I also don’t know if I fully blame the drugs. Yes, if you take drugs you don’t need, you will most definitely have negative side effects. I don’t think Ritalin’s the problem as much as the problem is that people take the Ritalin without properly having ADD. It’s the same way with Vicodin: one kid I know took three of those, and he was stoned and trying to start fights. He didn’t need them: they were a thrill for him. I think that taking anti-depression medications could work, but there’s that period where people need to be monitored to make sure they don’t do anything stupid while the drugs do what they were created to do. They have helped people, and I don’t deny they’ve hurt people. I just think that blindly blaming the drugs for something like Columbine is ridiculous, especially when, like it said, they were on the drugs for a year.
June 8th, 2010 at 1:40 pm
“blaming the drugs for something like Columbine is ridiculous, especially when, like it said, they were on the drugs for a year.”
actually it’s pretty obvious to why drugs coincide with violent acts like that. Especially when you consider that the dosages of the drugs increase over time. First you take the drug, then you get used to the dosages, then you have to take more, and eventually the long-term increase leads to addiction- and the side effects of that can be extreme aggression. it’s just the way drugs work.
June 9th, 2010 at 6:52 pm
I understand what you mean, and I’m still of two minds on the subject. If you’re on an anti-depressant, are you reliant on it forever? Do they really have to up the dose like that?

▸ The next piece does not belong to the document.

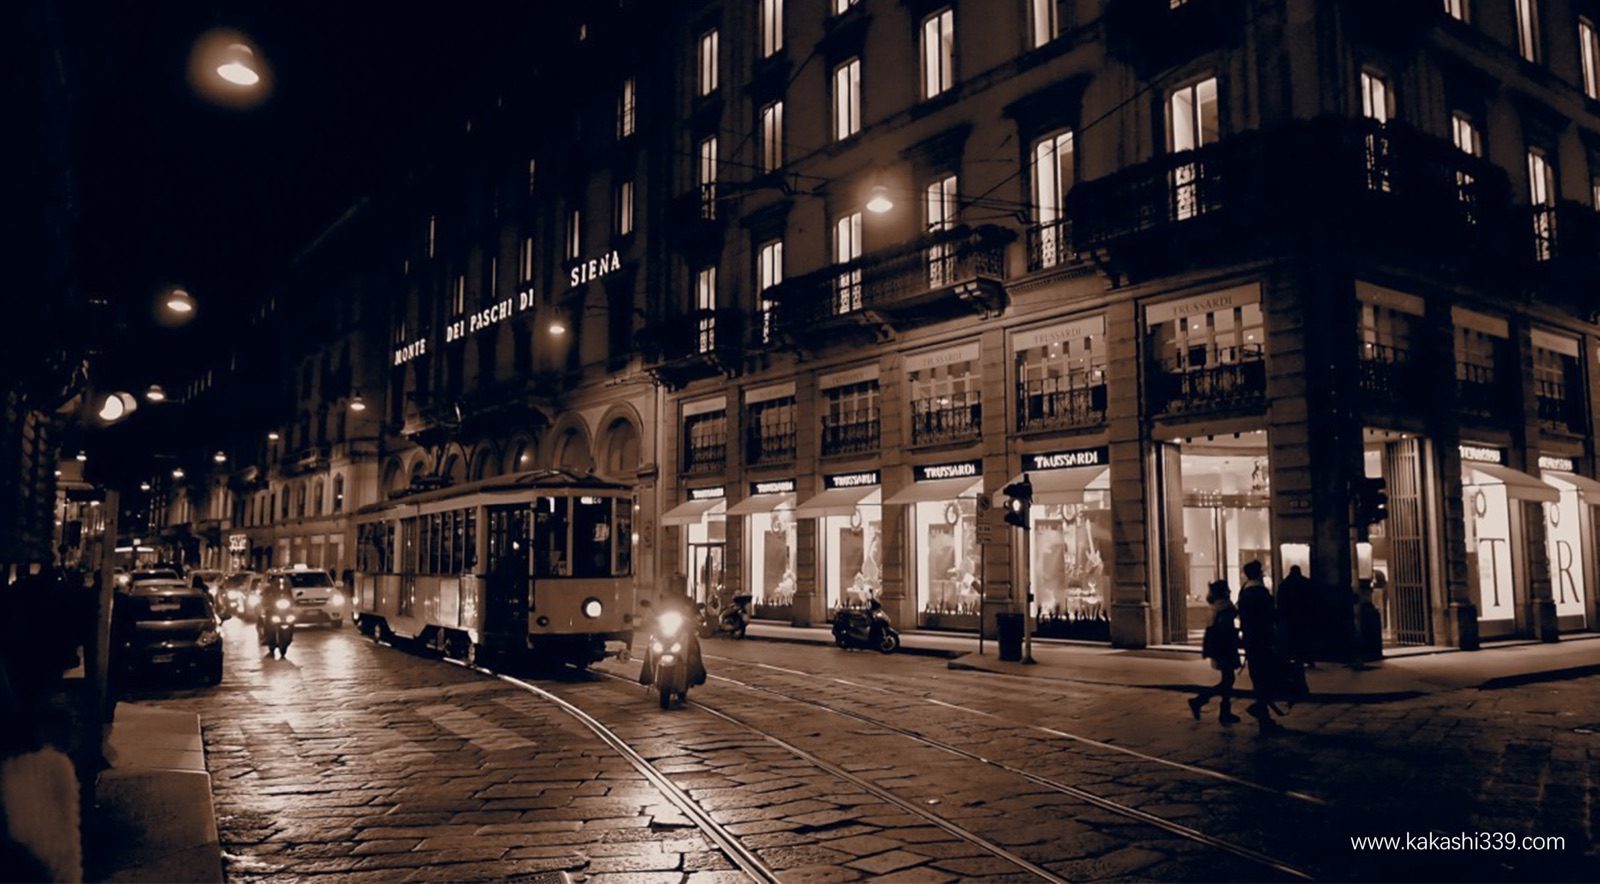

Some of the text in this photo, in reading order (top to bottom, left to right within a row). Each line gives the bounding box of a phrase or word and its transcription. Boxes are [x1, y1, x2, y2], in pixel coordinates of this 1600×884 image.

Half the reason I’ve never gone to a psychiatrist is because I’m afraid that they’ll give me drugs and I’ll end up doing something I regret. It’s really the same reason I’ve stayed away from drinking, LSD… anything, really. I also display the symptoms they say comes from the anti-depressant drugs, which is what leads me to believe that it’s not the drugs, rather it’s more likely that they could have such strong problems.
Then again, like I said, I’ve never been on any.